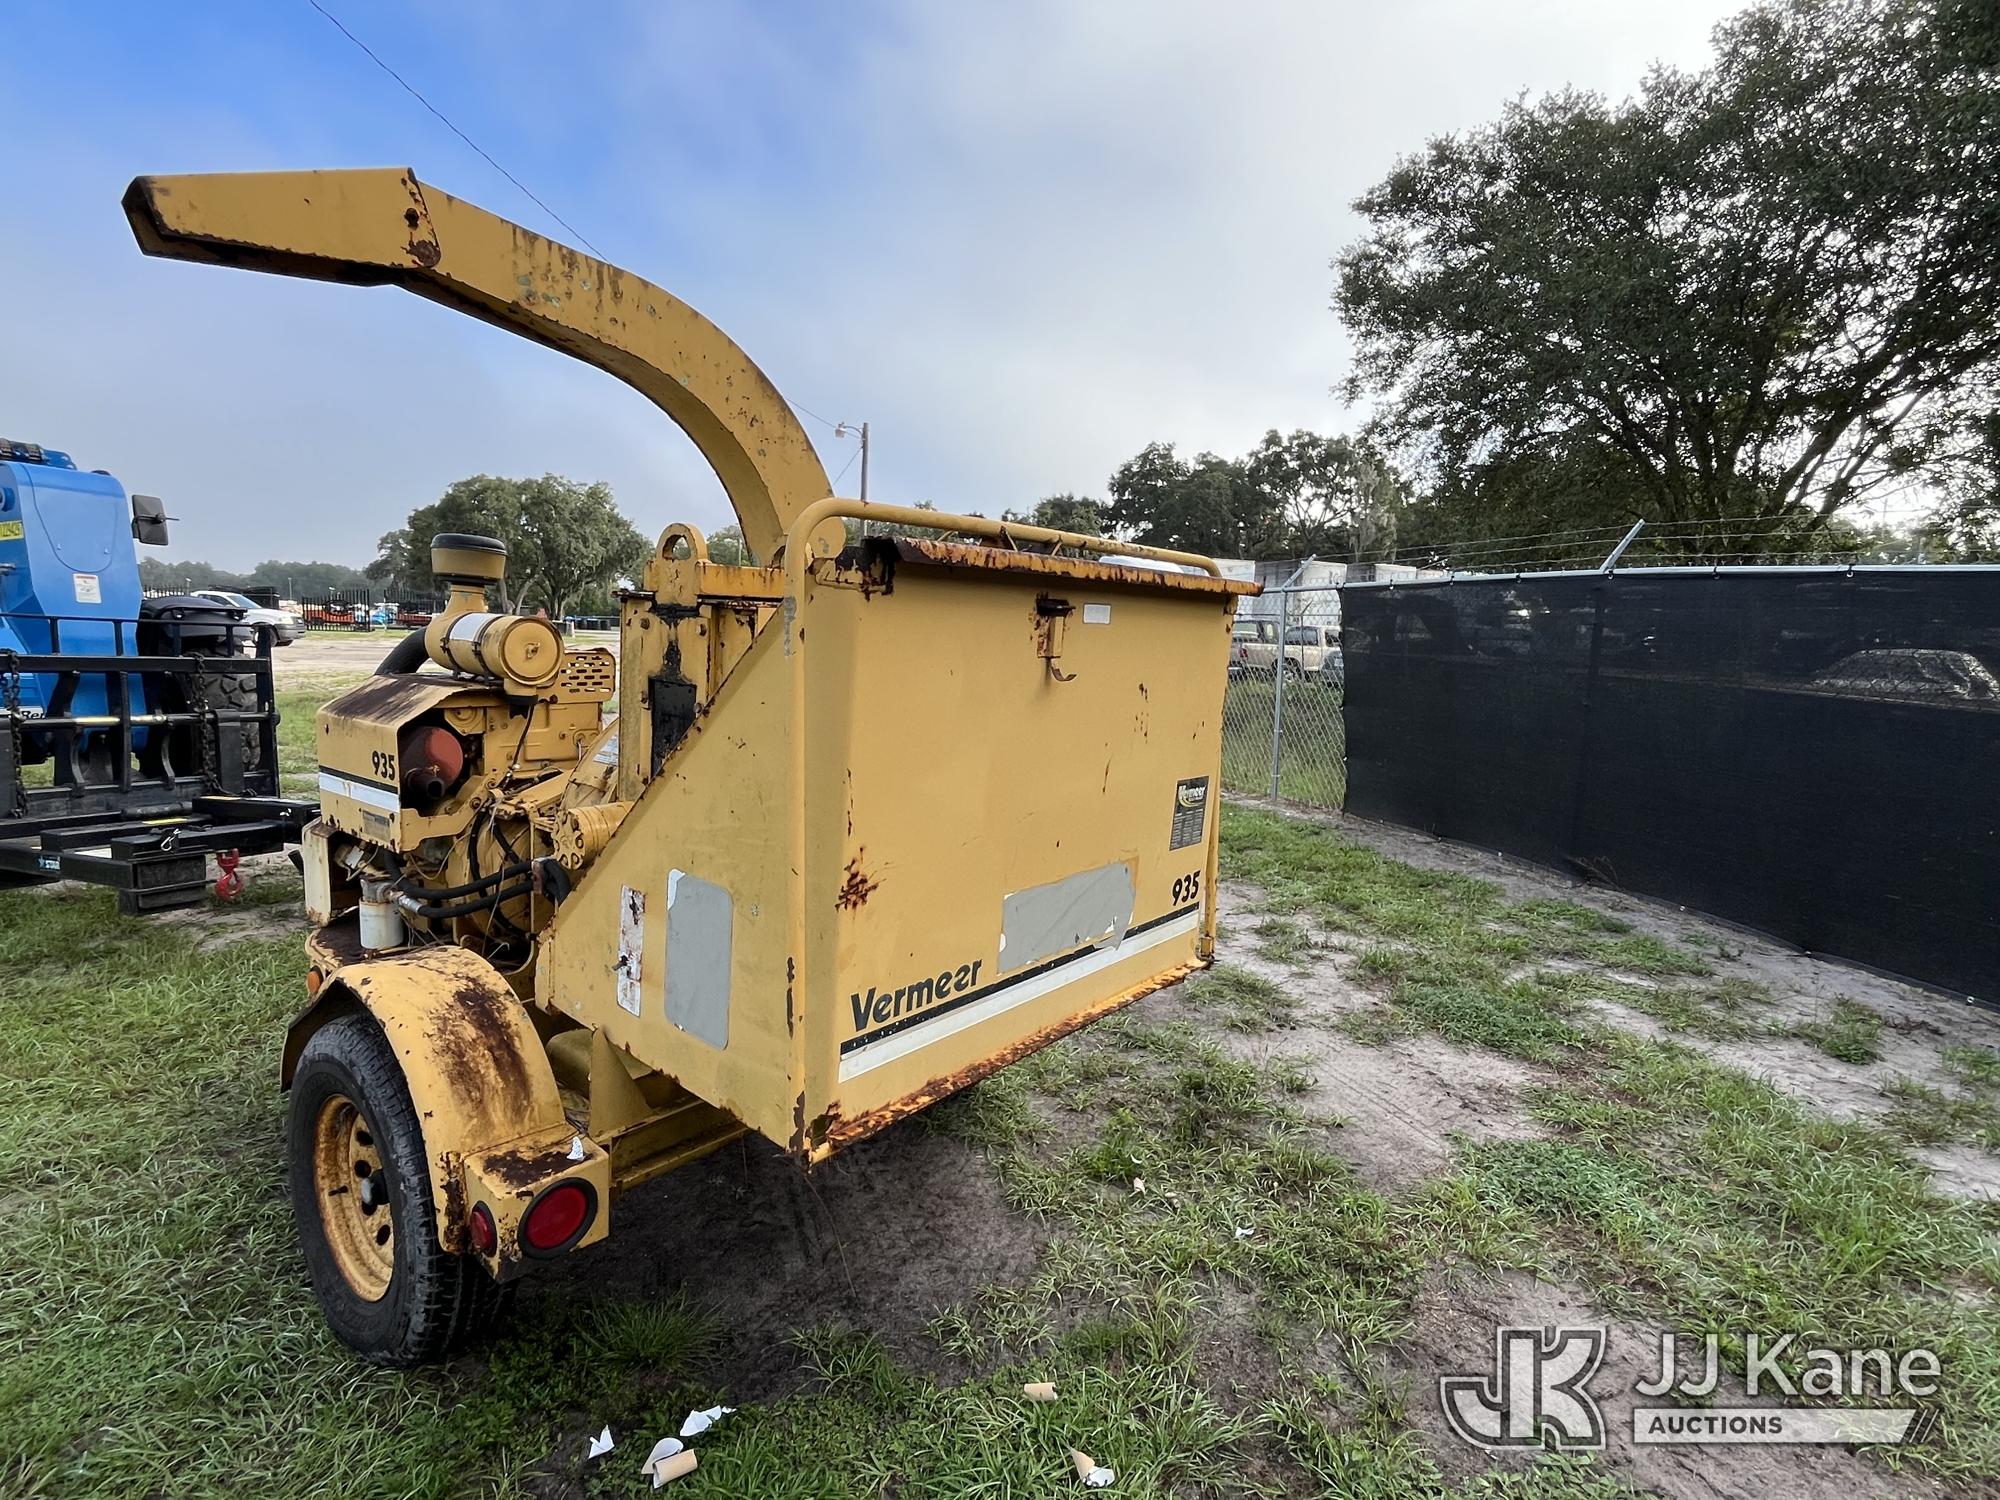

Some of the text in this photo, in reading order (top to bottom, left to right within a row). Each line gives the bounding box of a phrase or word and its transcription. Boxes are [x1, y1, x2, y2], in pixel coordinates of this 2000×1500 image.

[372, 750, 395, 780] 935
[1172, 870, 1201, 906] 935
[850, 959, 983, 1032] Vermeer
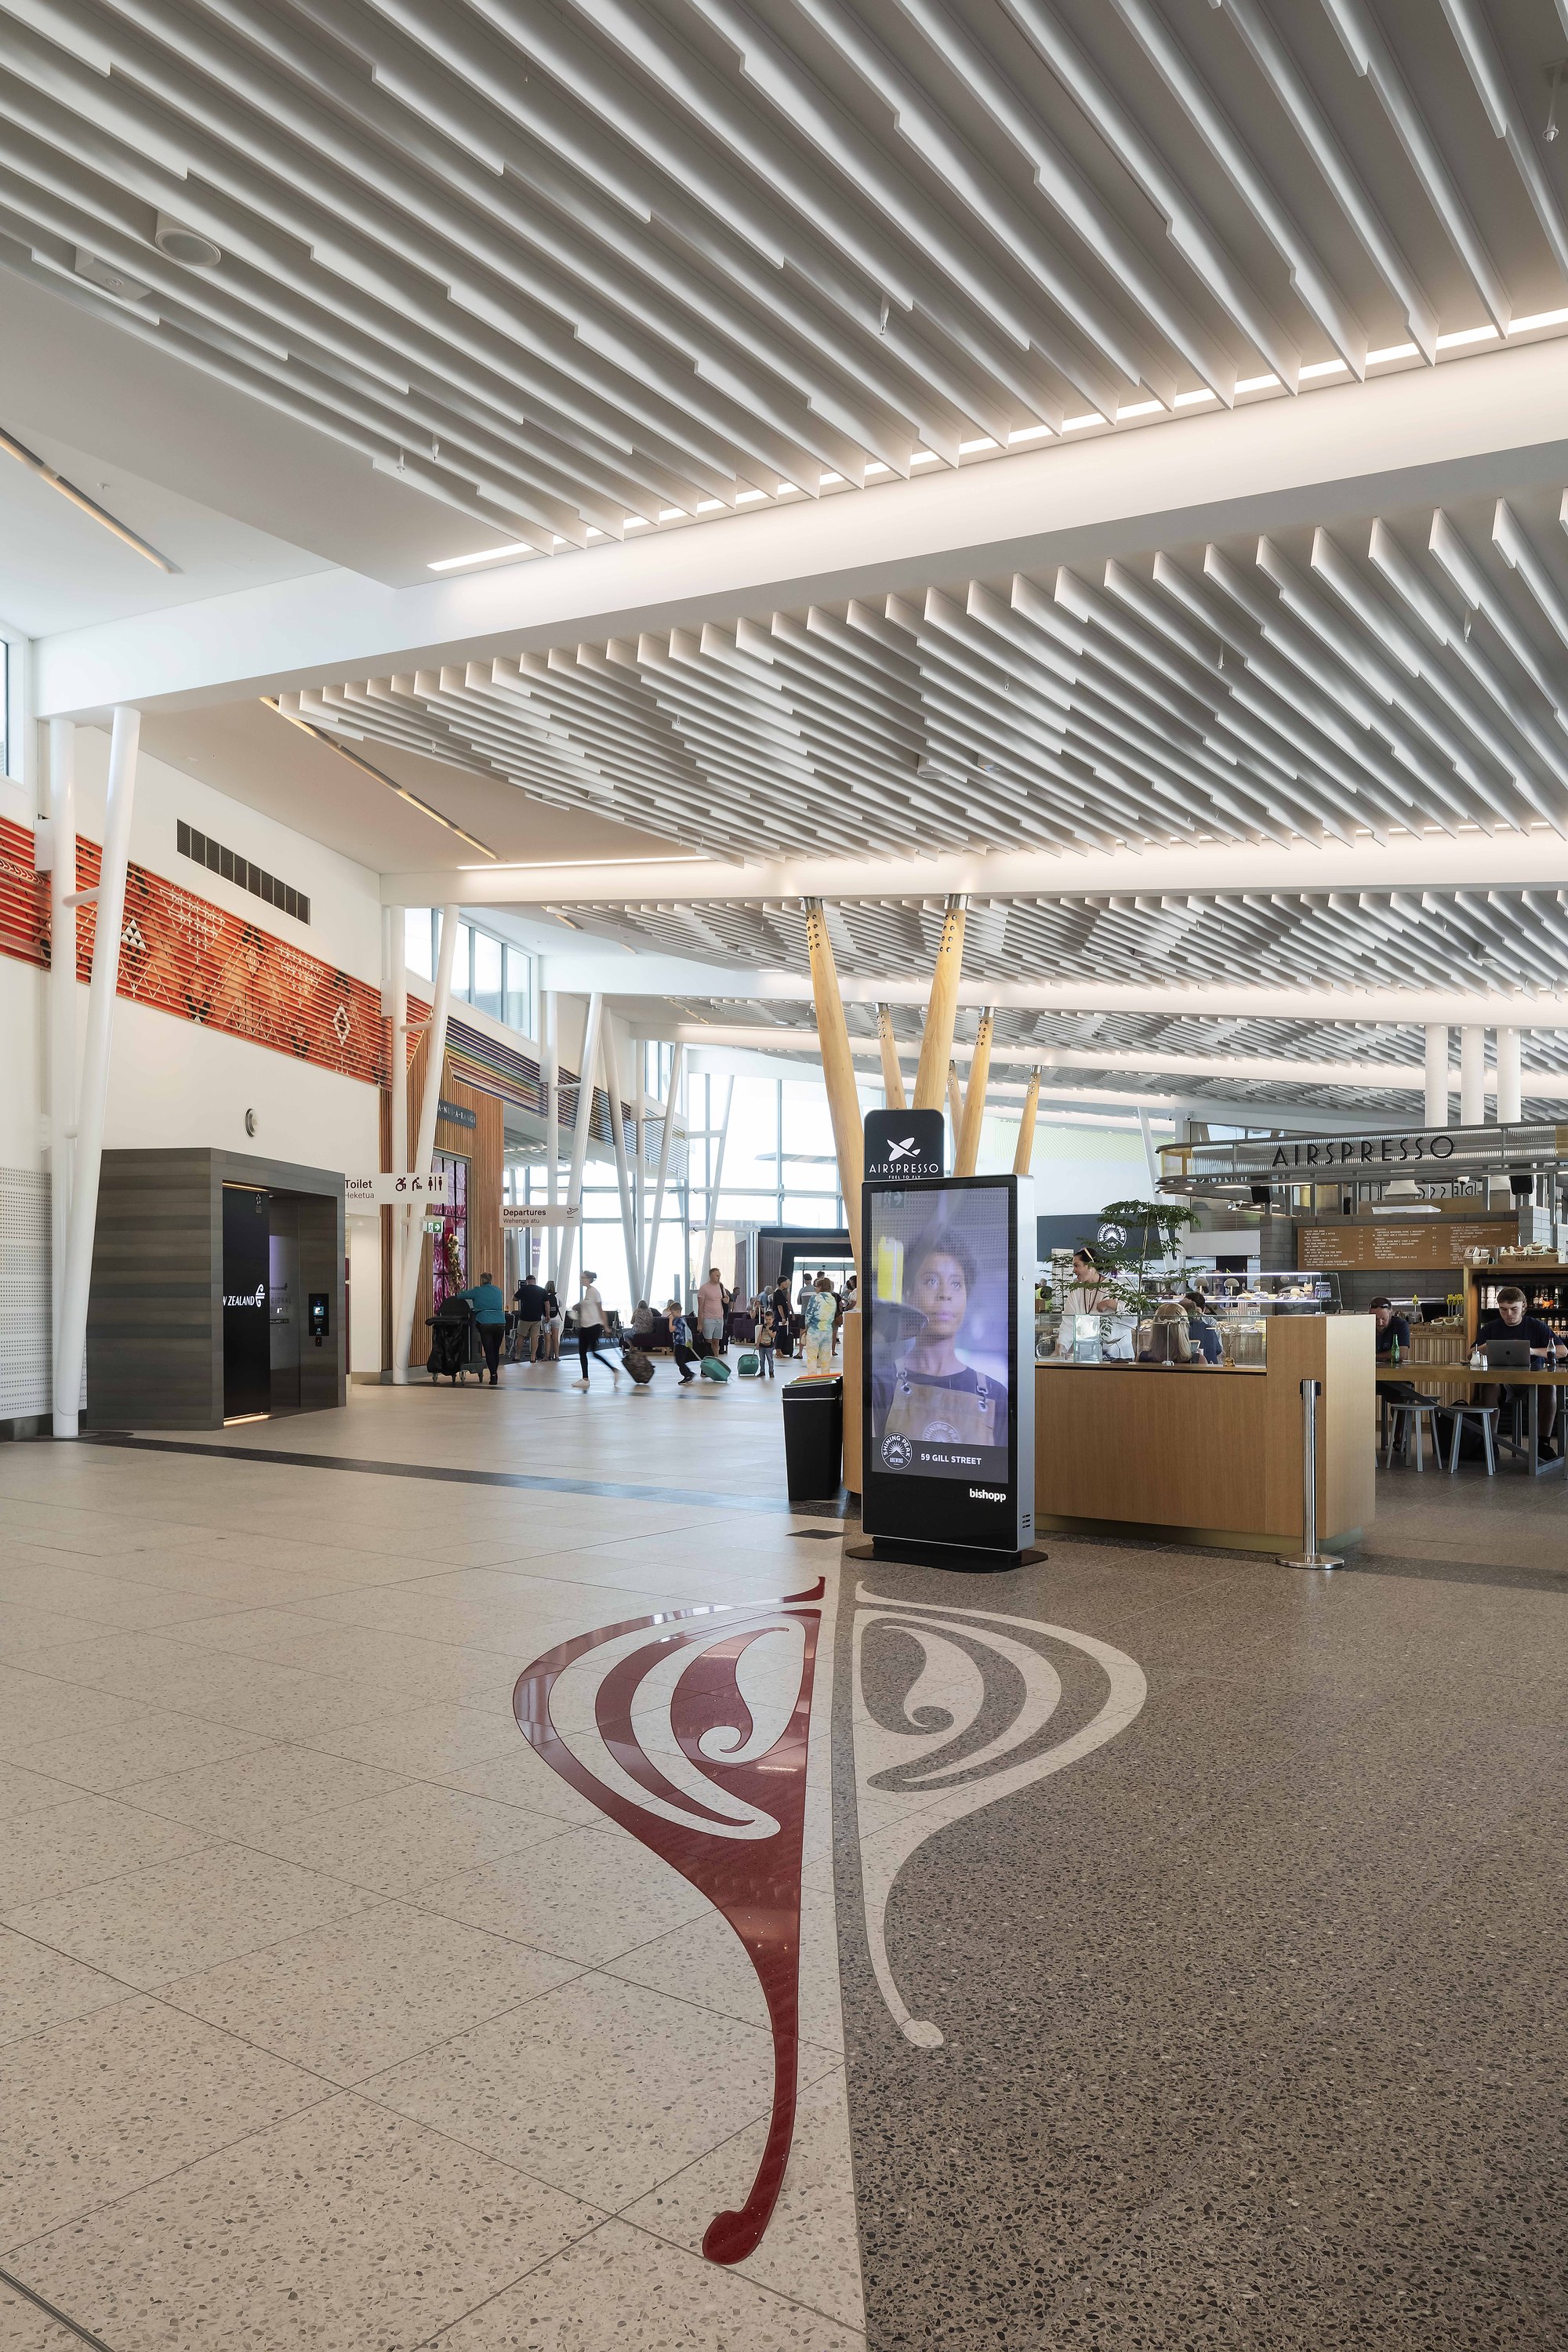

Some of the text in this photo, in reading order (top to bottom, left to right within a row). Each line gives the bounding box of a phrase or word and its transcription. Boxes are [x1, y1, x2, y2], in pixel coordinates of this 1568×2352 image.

[1272, 1135, 1455, 1167] AIRSPRESSO
[869, 1163, 939, 1174] AIRSPRESSO
[345, 1178, 372, 1189] Toilet
[503, 1208, 546, 1218] Departures
[1098, 1223, 1116, 1242] SHINING
[227, 1295, 255, 1306] ZEALAND
[883, 1436, 911, 1457] SHINING PEAK
[931, 1454, 949, 1463] GILL
[951, 1456, 982, 1465] STREET
[969, 1488, 1007, 1502] bishopp

Try it:
Set the records down again exactly, with no pictures.

Solution:
Some of the text in this photo, in reading order (top to bottom, left to right within a row). Each line gives the bounding box of a phrase or word and its transcription. Boxes are [x1, y1, x2, y2], in pixel coordinates of this 2000×1500 image.

[372, 750, 395, 780] 935
[1172, 870, 1201, 906] 935
[850, 959, 983, 1032] Vermeer

Some of the text in this photo, in reading order (top to bottom, left to right within a row). Each line gives the bounding box of a phrase or word and its transcription. Boxes are [x1, y1, x2, y2], in pixel coordinates of this 1568×2352 image.

[1272, 1135, 1455, 1167] AIRSPRESSO
[869, 1163, 939, 1174] AIRSPRESSO
[345, 1178, 372, 1189] Toilet
[503, 1208, 546, 1218] Departures
[1098, 1223, 1116, 1242] SHINING
[227, 1295, 255, 1306] ZEALAND
[883, 1436, 911, 1457] SHINING PEAK
[931, 1454, 949, 1463] GILL
[951, 1456, 982, 1465] STREET
[969, 1488, 1007, 1502] bishopp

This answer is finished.